## Entries taken from a collection:
▬▬▬

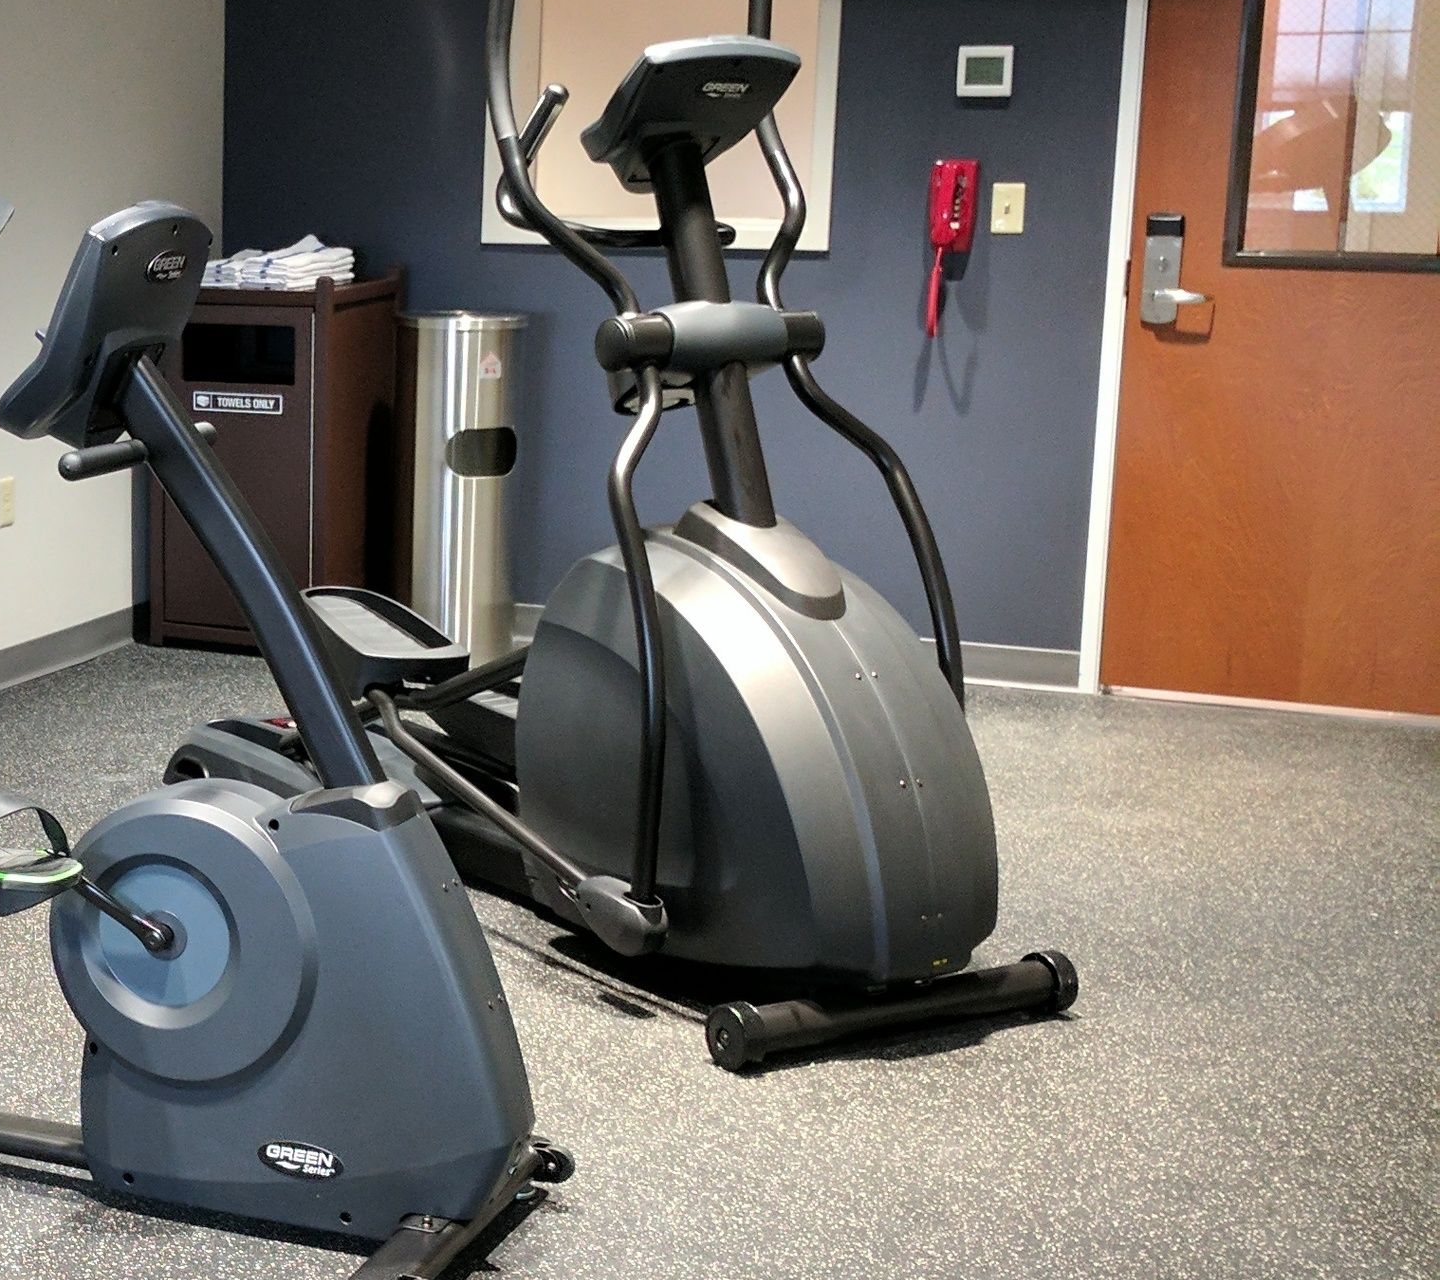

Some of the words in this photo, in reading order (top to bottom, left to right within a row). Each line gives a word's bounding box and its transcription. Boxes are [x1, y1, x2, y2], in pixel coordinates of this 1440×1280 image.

[153, 255, 186, 272] GREEN
[217, 397, 251, 409] TOWELS
[252, 398, 275, 410] ONLY
[266, 1144, 333, 1167] GREEN
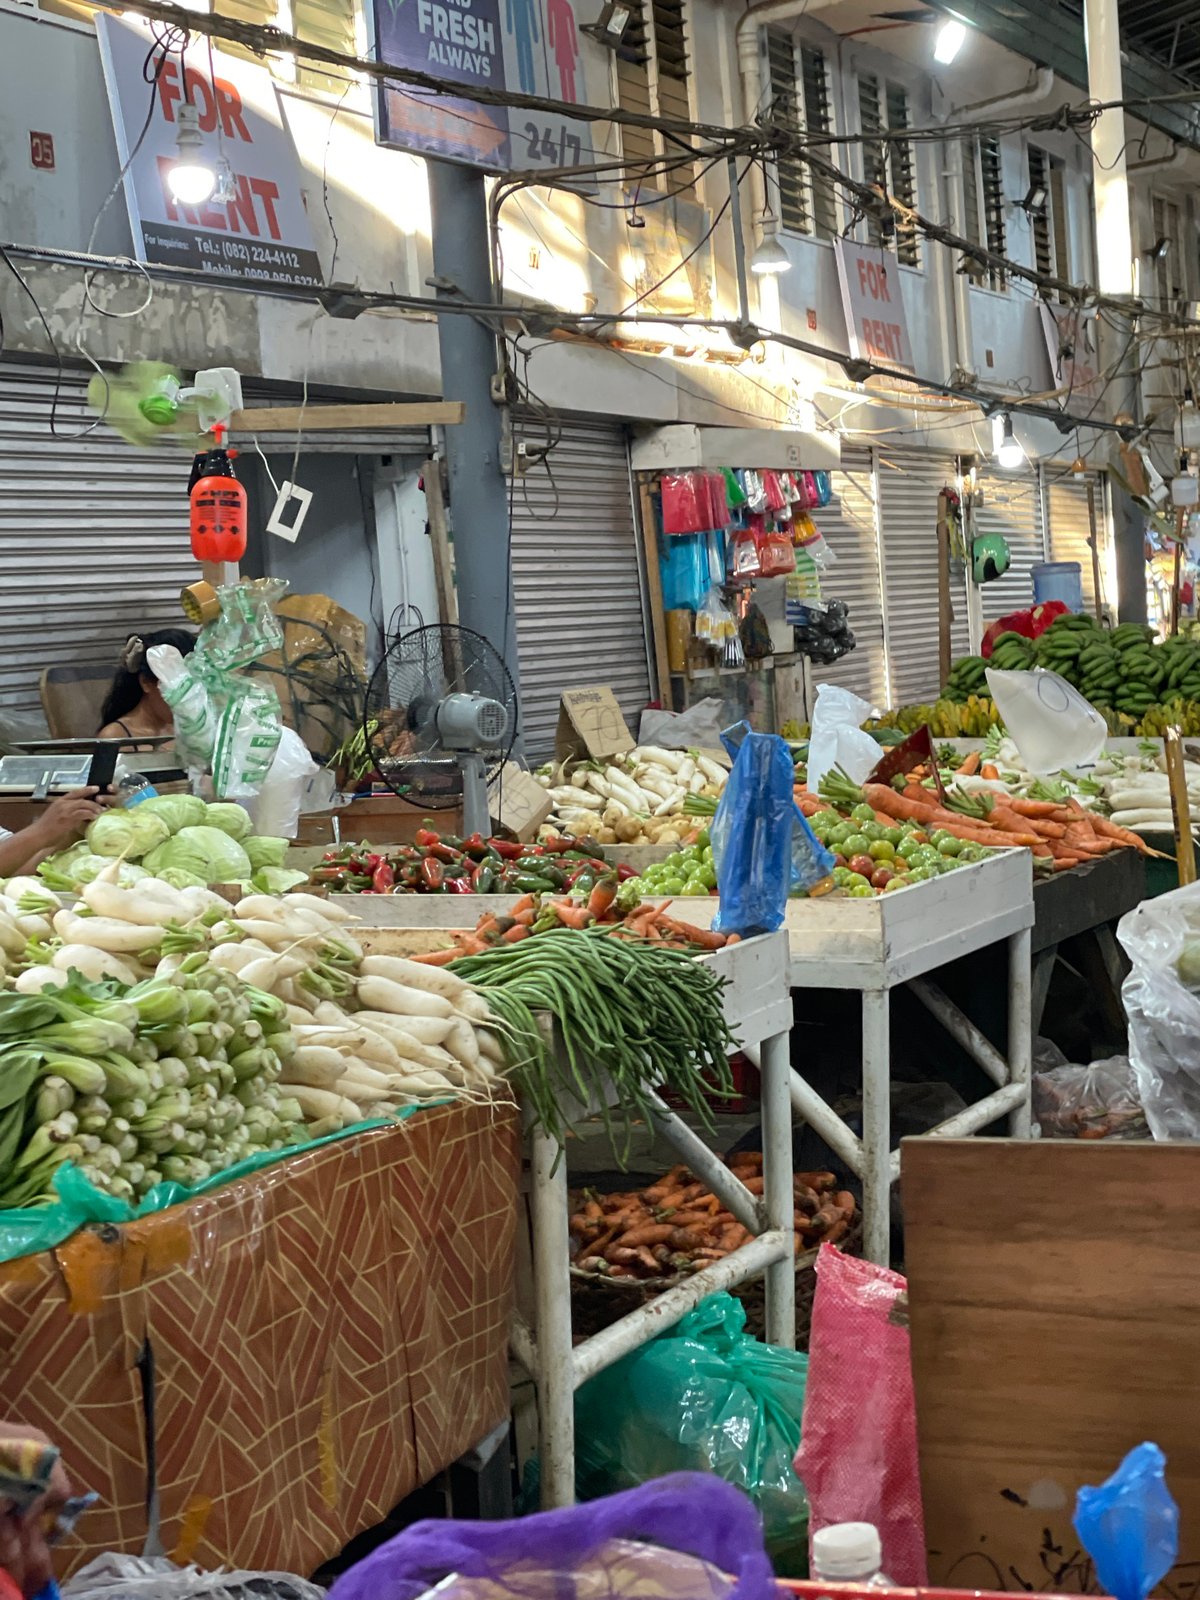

▬▬▬

## Task item:
If a record holds a picture, drop the picture and return the rest of it exactly.

## Answer space:
Some of the words in this photo, in reading order (top to bottom, left to right within a row). Each line gives a word's bounding box and its transcription. Boxes are [x1, y1, x2, y2], in pixel coordinates of this 1440×1280 image.

[153, 255, 186, 272] GREEN
[217, 397, 251, 409] TOWELS
[252, 398, 275, 410] ONLY
[266, 1144, 333, 1167] GREEN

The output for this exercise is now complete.